= Beginning of Section =

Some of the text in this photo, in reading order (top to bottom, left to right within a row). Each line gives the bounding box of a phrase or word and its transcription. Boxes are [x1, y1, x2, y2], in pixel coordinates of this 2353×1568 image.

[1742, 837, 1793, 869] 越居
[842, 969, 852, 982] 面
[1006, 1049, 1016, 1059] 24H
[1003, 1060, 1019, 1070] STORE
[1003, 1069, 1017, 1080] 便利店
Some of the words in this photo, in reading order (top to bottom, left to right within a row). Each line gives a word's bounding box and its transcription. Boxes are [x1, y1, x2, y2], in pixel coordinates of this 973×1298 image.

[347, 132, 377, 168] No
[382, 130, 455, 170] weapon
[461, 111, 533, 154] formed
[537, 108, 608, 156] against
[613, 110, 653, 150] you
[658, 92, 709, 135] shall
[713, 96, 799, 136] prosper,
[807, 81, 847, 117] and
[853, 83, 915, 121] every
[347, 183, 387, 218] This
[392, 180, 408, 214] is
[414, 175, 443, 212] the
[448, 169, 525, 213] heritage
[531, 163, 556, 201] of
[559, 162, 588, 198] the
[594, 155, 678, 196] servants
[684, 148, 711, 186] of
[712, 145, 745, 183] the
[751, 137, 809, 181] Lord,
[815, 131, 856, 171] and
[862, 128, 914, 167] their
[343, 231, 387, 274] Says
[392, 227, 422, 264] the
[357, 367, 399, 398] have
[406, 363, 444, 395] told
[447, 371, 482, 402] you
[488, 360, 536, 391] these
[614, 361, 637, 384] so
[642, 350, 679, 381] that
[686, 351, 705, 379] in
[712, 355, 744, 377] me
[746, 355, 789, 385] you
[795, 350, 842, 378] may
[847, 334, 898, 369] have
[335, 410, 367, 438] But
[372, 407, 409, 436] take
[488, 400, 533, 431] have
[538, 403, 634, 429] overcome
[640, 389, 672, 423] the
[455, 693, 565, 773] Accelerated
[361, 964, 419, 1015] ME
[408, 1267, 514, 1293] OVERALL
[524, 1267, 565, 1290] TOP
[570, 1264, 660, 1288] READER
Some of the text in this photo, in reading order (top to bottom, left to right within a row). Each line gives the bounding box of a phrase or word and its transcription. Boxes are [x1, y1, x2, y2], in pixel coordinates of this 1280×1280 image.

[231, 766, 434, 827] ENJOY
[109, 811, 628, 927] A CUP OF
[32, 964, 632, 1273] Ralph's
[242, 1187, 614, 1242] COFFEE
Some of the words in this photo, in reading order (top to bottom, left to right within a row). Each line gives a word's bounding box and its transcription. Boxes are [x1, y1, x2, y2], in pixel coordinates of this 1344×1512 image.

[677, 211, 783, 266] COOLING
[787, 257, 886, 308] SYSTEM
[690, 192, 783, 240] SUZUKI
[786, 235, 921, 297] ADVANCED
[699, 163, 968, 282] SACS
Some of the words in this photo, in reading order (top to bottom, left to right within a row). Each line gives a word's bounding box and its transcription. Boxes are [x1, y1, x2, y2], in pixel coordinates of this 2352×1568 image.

= End of Section =

> _What you should do_
Would you restate each line of the material above word for word?

> _Written answer_
Some of the text in this photo, in reading order (top to bottom, left to right within a row). Each line gives the bounding box of a phrase or word and its transcription. Boxes are [x1, y1, x2, y2], in pixel coordinates of this 2353×1568 image.

[1742, 837, 1793, 869] 越居
[842, 969, 852, 982] 面
[1006, 1049, 1016, 1059] 24H
[1003, 1060, 1019, 1070] STORE
[1003, 1069, 1017, 1080] 便利店
Some of the words in this photo, in reading order (top to bottom, left to right within a row). Each line gives a word's bounding box and its transcription. Boxes are [x1, y1, x2, y2], in pixel coordinates of this 973×1298 image.

[347, 132, 377, 168] No
[382, 130, 455, 170] weapon
[461, 111, 533, 154] formed
[537, 108, 608, 156] against
[613, 110, 653, 150] you
[658, 92, 709, 135] shall
[713, 96, 799, 136] prosper,
[807, 81, 847, 117] and
[853, 83, 915, 121] every
[347, 183, 387, 218] This
[392, 180, 408, 214] is
[414, 175, 443, 212] the
[448, 169, 525, 213] heritage
[531, 163, 556, 201] of
[559, 162, 588, 198] the
[594, 155, 678, 196] servants
[684, 148, 711, 186] of
[712, 145, 745, 183] the
[751, 137, 809, 181] Lord,
[815, 131, 856, 171] and
[862, 128, 914, 167] their
[343, 231, 387, 274] Says
[392, 227, 422, 264] the
[357, 367, 399, 398] have
[406, 363, 444, 395] told
[447, 371, 482, 402] you
[488, 360, 536, 391] these
[614, 361, 637, 384] so
[642, 350, 679, 381] that
[686, 351, 705, 379] in
[712, 355, 744, 377] me
[746, 355, 789, 385] you
[795, 350, 842, 378] may
[847, 334, 898, 369] have
[335, 410, 367, 438] But
[372, 407, 409, 436] take
[488, 400, 533, 431] have
[538, 403, 634, 429] overcome
[640, 389, 672, 423] the
[455, 693, 565, 773] Accelerated
[361, 964, 419, 1015] ME
[408, 1267, 514, 1293] OVERALL
[524, 1267, 565, 1290] TOP
[570, 1264, 660, 1288] READER
Some of the text in this photo, in reading order (top to bottom, left to right within a row). Each line gives the bounding box of a phrase or word and its transcription. Boxes are [x1, y1, x2, y2], in pixel coordinates of this 1280×1280 image.

[231, 766, 434, 827] ENJOY
[109, 811, 628, 927] A CUP OF
[32, 964, 632, 1273] Ralph's
[242, 1187, 614, 1242] COFFEE
Some of the words in this photo, in reading order (top to bottom, left to right within a row). Each line gives a word's bounding box and its transcription. Boxes are [x1, y1, x2, y2], in pixel coordinates of this 1344×1512 image.

[677, 211, 783, 266] COOLING
[787, 257, 886, 308] SYSTEM
[690, 192, 783, 240] SUZUKI
[786, 235, 921, 297] ADVANCED
[699, 163, 968, 282] SACS
Some of the words in this photo, in reading order (top to bottom, left to right within a row). Each line gives a word's bounding box and its transcription. Boxes are [x1, y1, x2, y2], in pixel coordinates of this 2352×1568 image.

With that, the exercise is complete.